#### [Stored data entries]
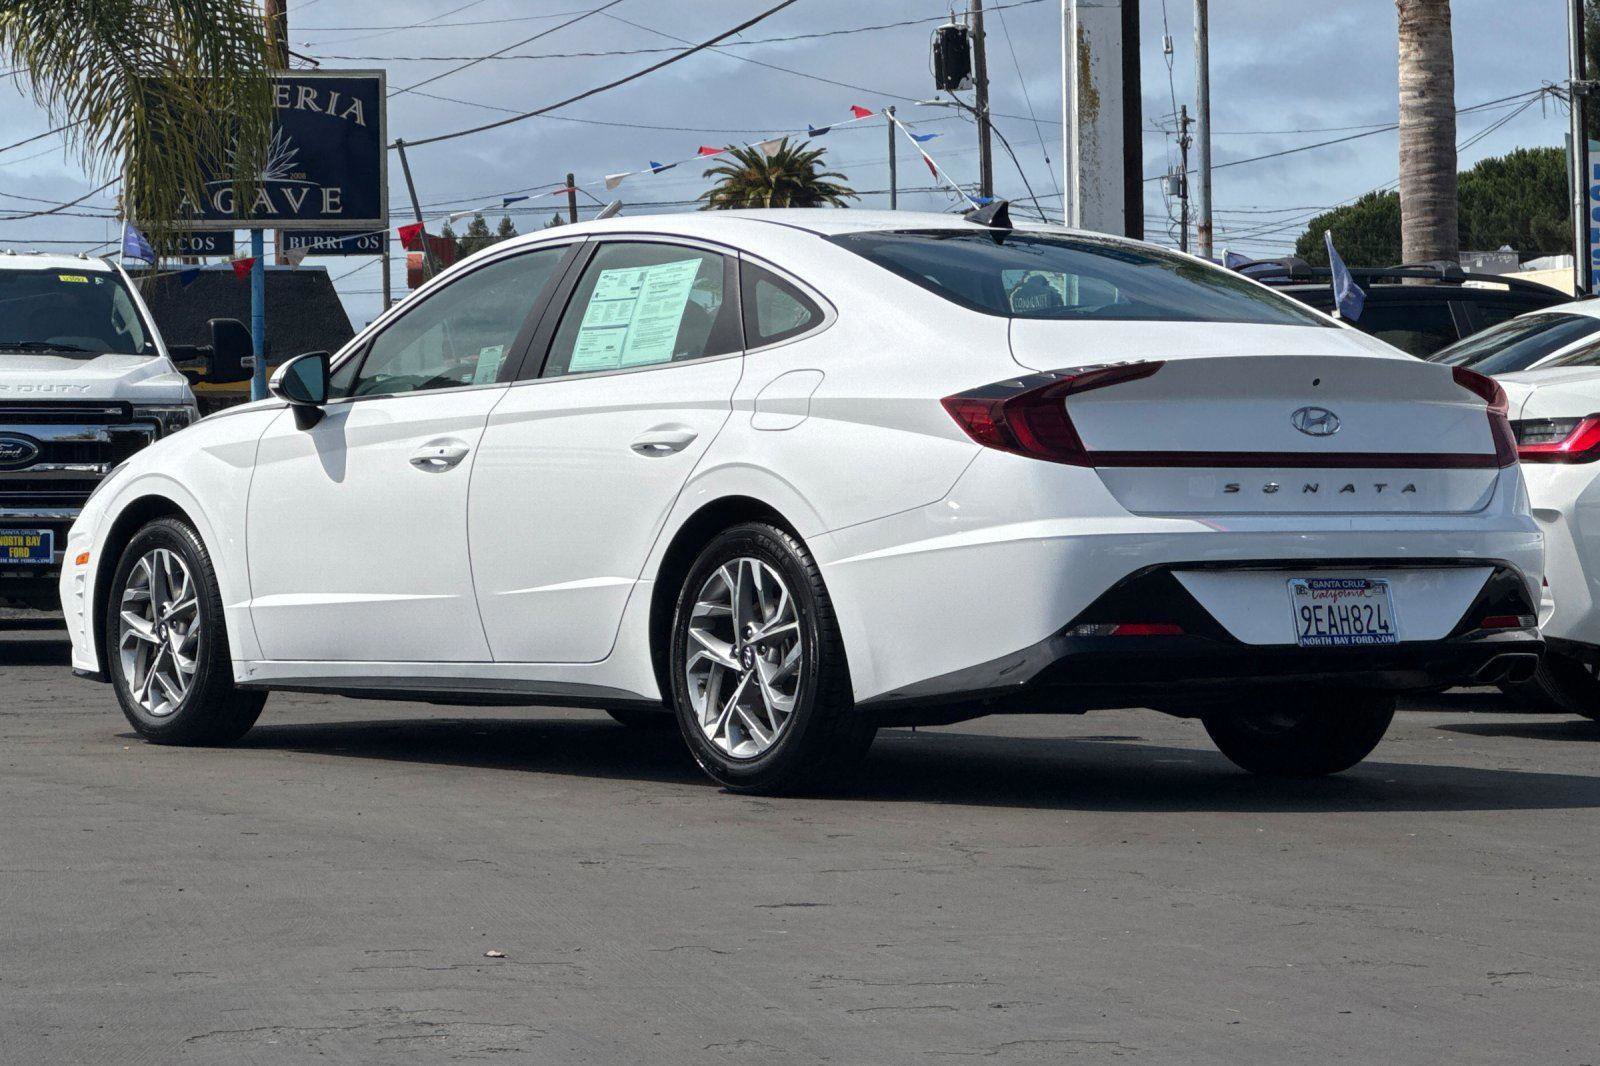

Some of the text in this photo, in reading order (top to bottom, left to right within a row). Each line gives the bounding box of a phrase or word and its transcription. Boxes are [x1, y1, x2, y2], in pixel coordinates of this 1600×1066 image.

[175, 187, 343, 214] AGAVE
[165, 236, 216, 251] ACOS
[289, 236, 379, 250] BURRIOS
[17, 384, 90, 393] DUTY
[1223, 483, 1417, 494] SONATA
[25, 536, 41, 546] BAY
[9, 547, 30, 558] FORD
[1313, 580, 1366, 588] SANTA CRUZ
[1312, 588, 1367, 603] California
[1300, 604, 1390, 635] 9EAH824
[1303, 635, 1394, 646] NORTH BAY FORD.COM
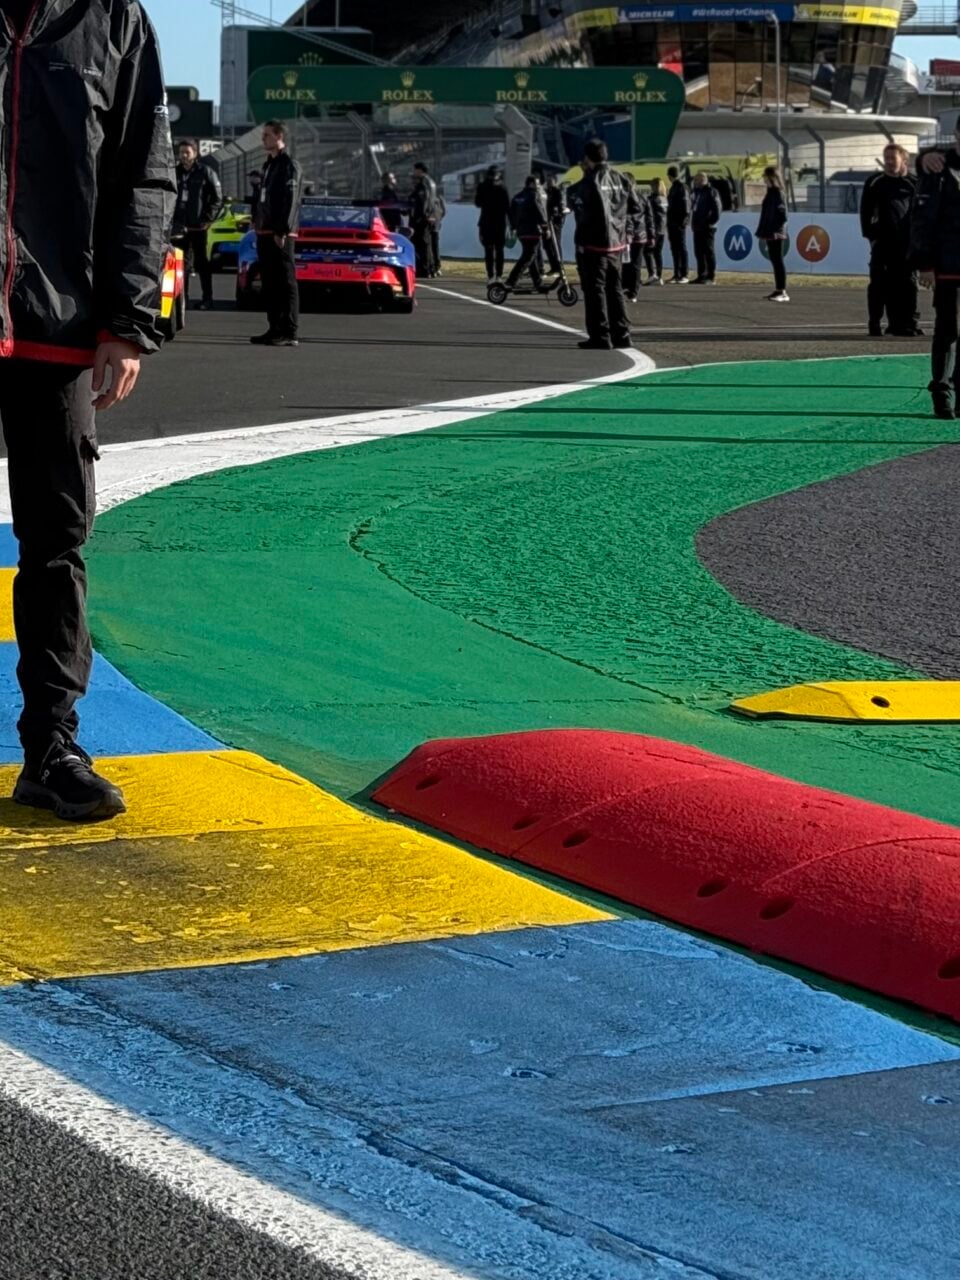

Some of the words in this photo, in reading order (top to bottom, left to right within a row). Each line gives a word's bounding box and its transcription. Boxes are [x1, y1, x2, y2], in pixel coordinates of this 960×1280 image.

[628, 9, 675, 18] MICHELIN
[812, 9, 858, 18] MICHELIN
[264, 89, 317, 101] ROLEX
[381, 89, 434, 102] ROLEX
[495, 90, 548, 102] ROLEX
[614, 90, 667, 103] ROLEX
[728, 235, 746, 250] M
[806, 235, 821, 251] A
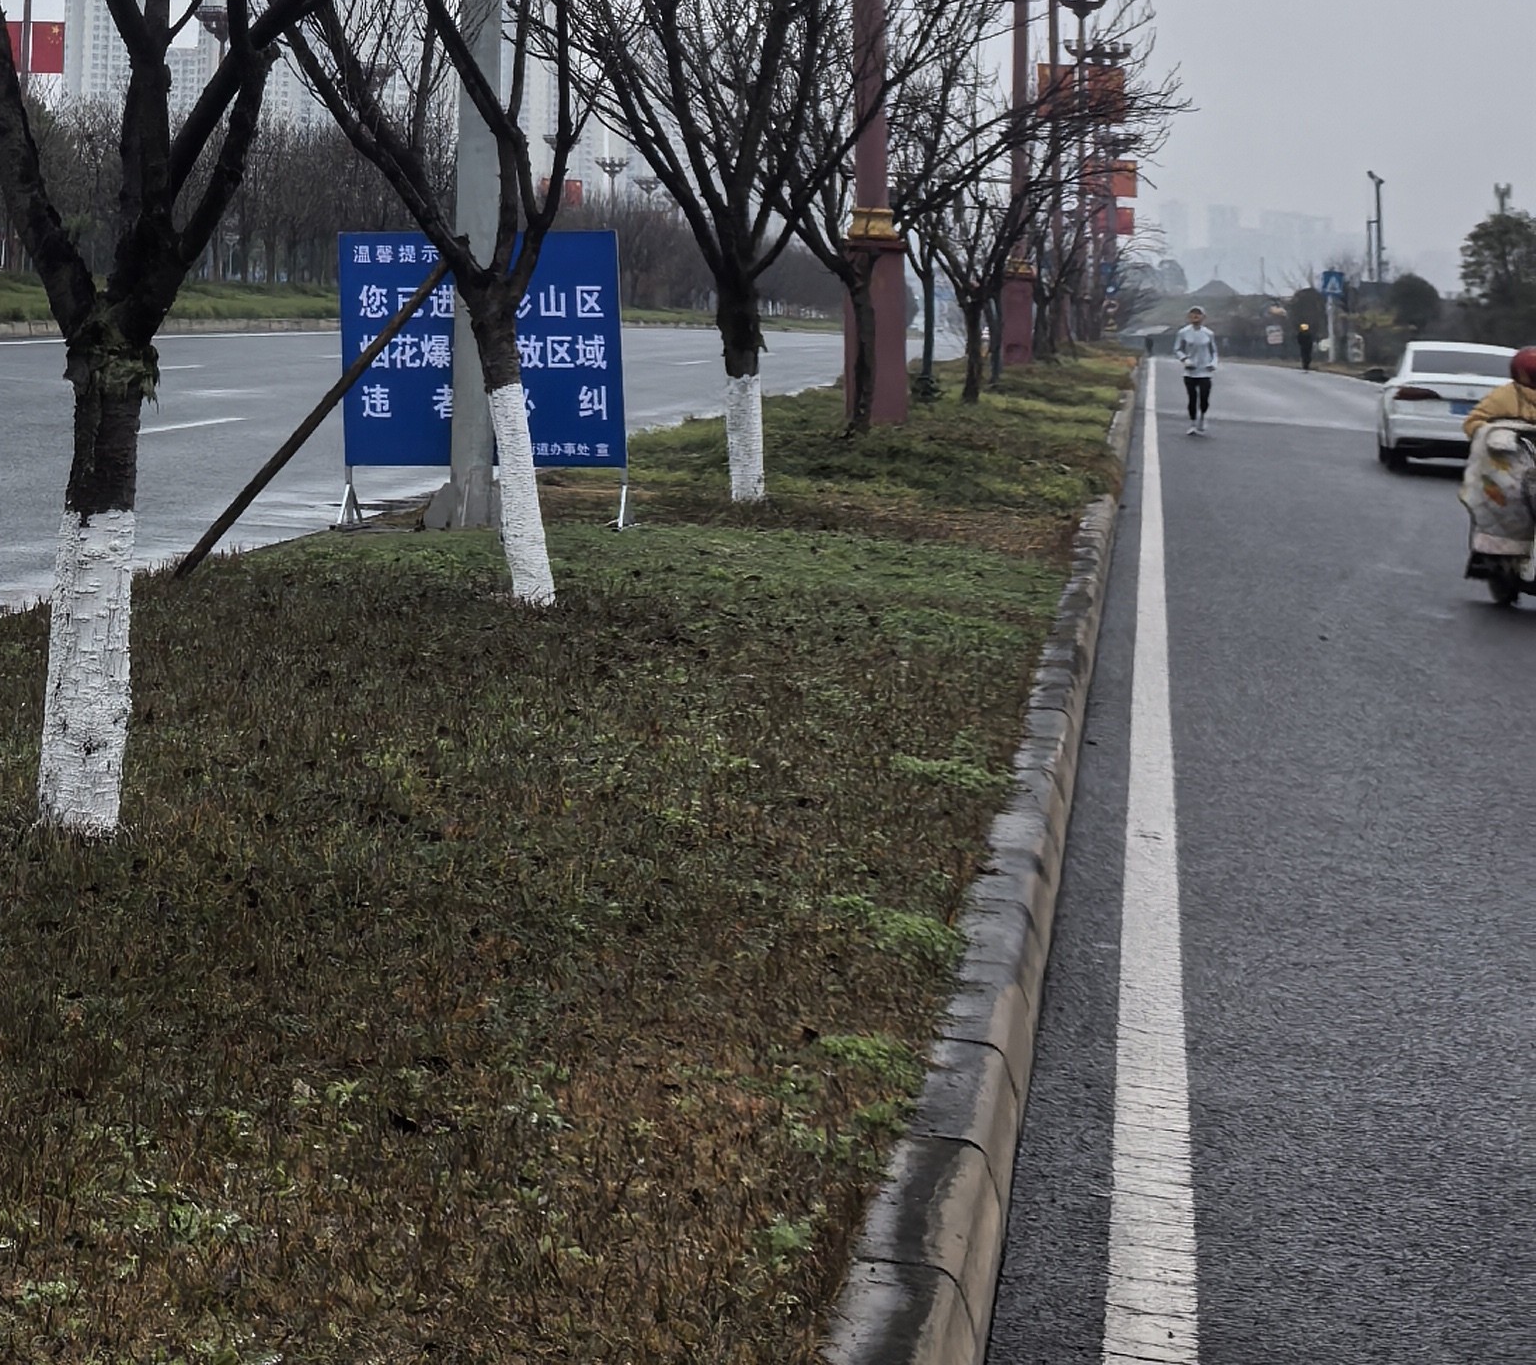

#### [Problem to solve]
Keep every word of the records above exactly, and return them with no pictures.

#### [Response area]
Some of the text in this photo, in reading order (top to bottom, left to right within a row). Each line gives the bounding box of a phrase or word and its transcription. Boxes are [x1, y1, x2, y2], in pixel coordinates of this 1600×1066 image.

[175, 187, 343, 214] AGAVE
[165, 236, 216, 251] ACOS
[289, 236, 379, 250] BURRIOS
[17, 384, 90, 393] DUTY
[1223, 483, 1417, 494] SONATA
[25, 536, 41, 546] BAY
[9, 547, 30, 558] FORD
[1313, 580, 1366, 588] SANTA CRUZ
[1312, 588, 1367, 603] California
[1300, 604, 1390, 635] 9EAH824
[1303, 635, 1394, 646] NORTH BAY FORD.COM

Some of the words in this photo, in reading order (top to bottom, left to right within a row). Each line gives a word's bounding box and its transcription. Boxes are [x1, y1, x2, y2], in pixel coordinates of this 960×1280 image.

[628, 9, 675, 18] MICHELIN
[812, 9, 858, 18] MICHELIN
[264, 89, 317, 101] ROLEX
[381, 89, 434, 102] ROLEX
[495, 90, 548, 102] ROLEX
[614, 90, 667, 103] ROLEX
[728, 235, 746, 250] M
[806, 235, 821, 251] A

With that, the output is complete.